I was at U-Mass Boston today, watching videos produced by students in the Asian-American Studies Program. The videos were autobiographical and effectively raw: stories of child abuse, drug addiction, bullying. The students presented their work as a political act. They had made media instead of consuming it, thereby telling their own stories their own way.

I agree: although the personal doesn't exhaust the political, to present yourself publicly is an important aspect of politics. As Hannah Arendt argued, to inhabit an identity fully and to have full individuality requires being able to display it for others in a public space--something that mass media culture frustrates. "In acting and speaking, men [and of course also women] show who they are, reveal actively their unique personal identities and thus make their appearance in the human world."

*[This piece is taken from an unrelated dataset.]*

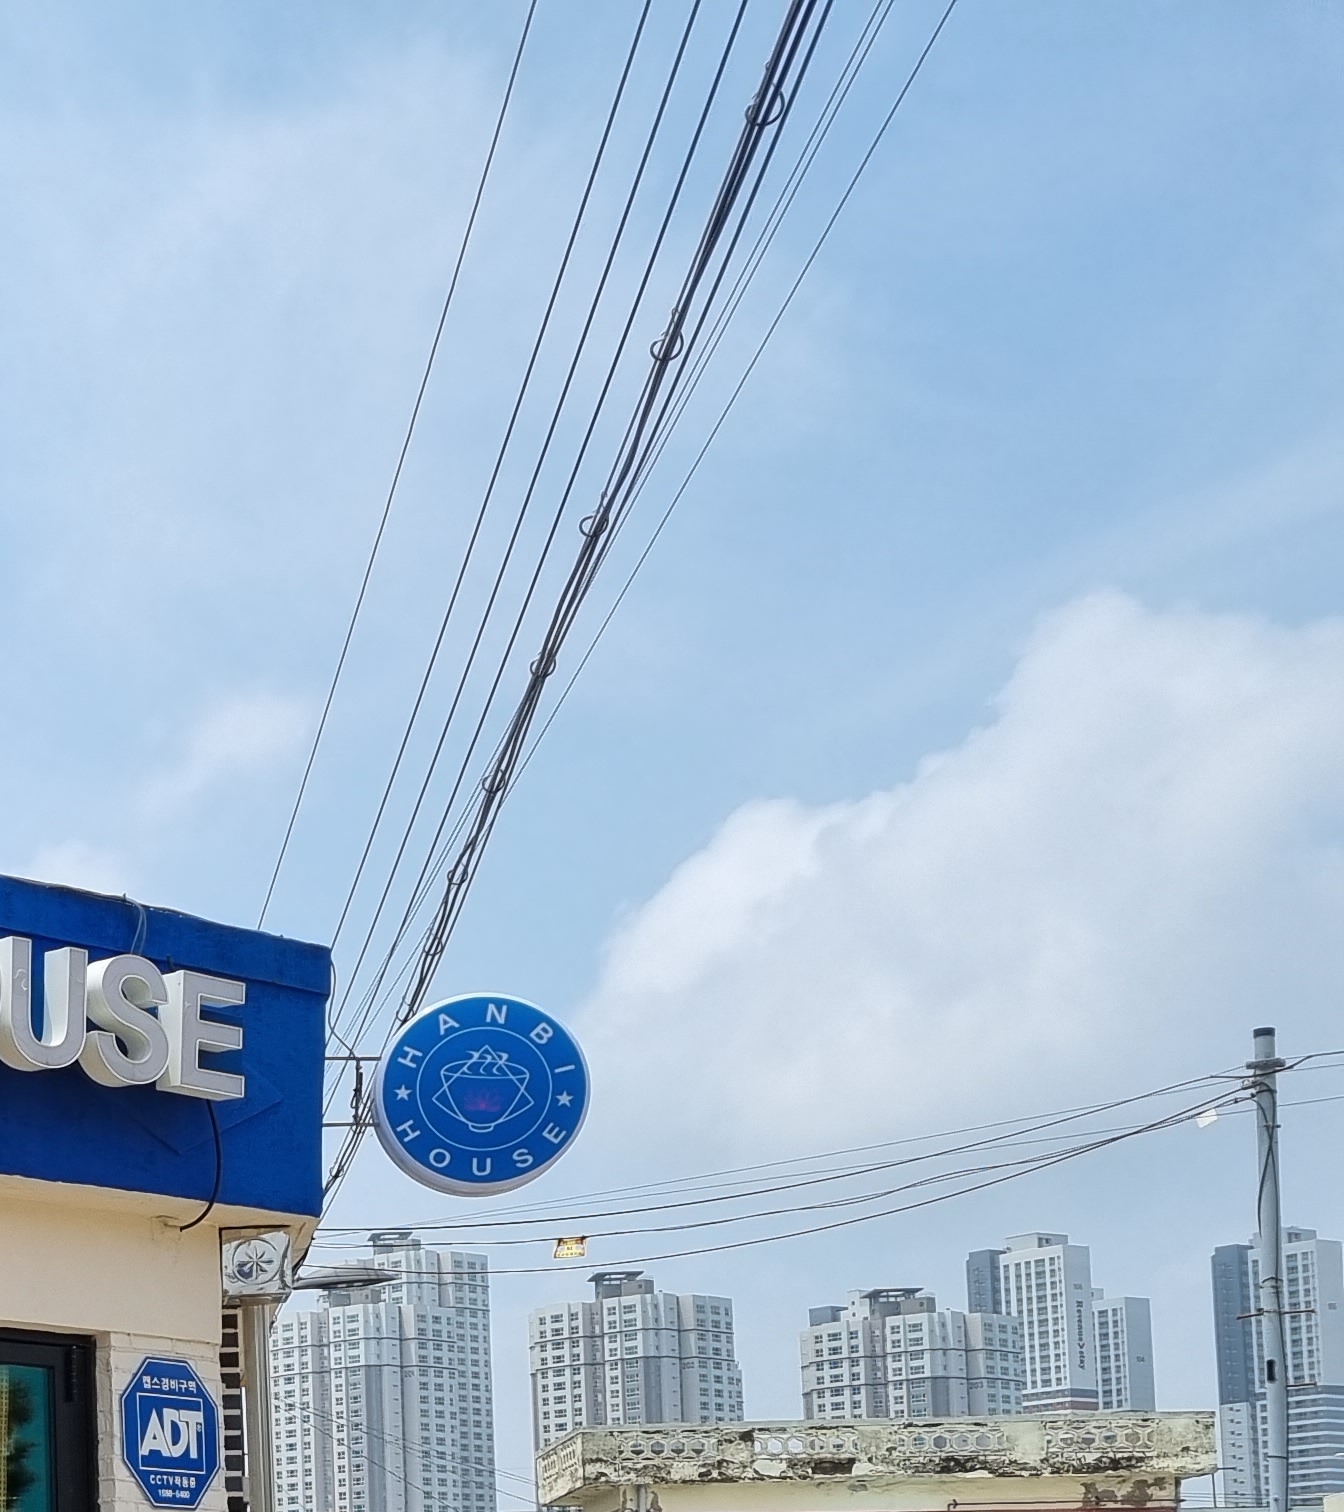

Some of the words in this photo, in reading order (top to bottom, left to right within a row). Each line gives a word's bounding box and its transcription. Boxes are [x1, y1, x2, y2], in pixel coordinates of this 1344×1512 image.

[397, 1003, 575, 1073] HANBI
[396, 1119, 567, 1176] HOUSE
[140, 1407, 203, 1459] ADT

The students whose videos I watched were self-conscious about defying ethnic and gender stereotypes, but one could say more generally that whenever human beings tell their personal stories--even briefly and simply--a challengingly complex reality emerges. I will give just one example of the complexity I learned about today. Several of the videos were made by Vietnamese-American men from the Boston area. They spoke in, I would say, a pervasive and credible version of an African-American urban youth dialect. They used the n-word to describe one another and said things like, "we all be gangbanging." Vocabulary could be borrowed superficially or clumsily, but I noted subtler influences. For example, one young man was describing a fight that had led to a fatal shooting. On camera, he relived his own efforts to stop the violence. As he said, "Yo, calm down," in a deep, serious voice, he partly raised one hand, palm outward; his eyebrows rose; and his eyes locked onto the viewer in a way that reminded me profoundly of an African-American man in a similar situation. But the murdered teenager was given a proper Vietnamese burial back in his birth country. Out of such mixtures and borrowings, parodies and homages, we make meaning, identity, and community.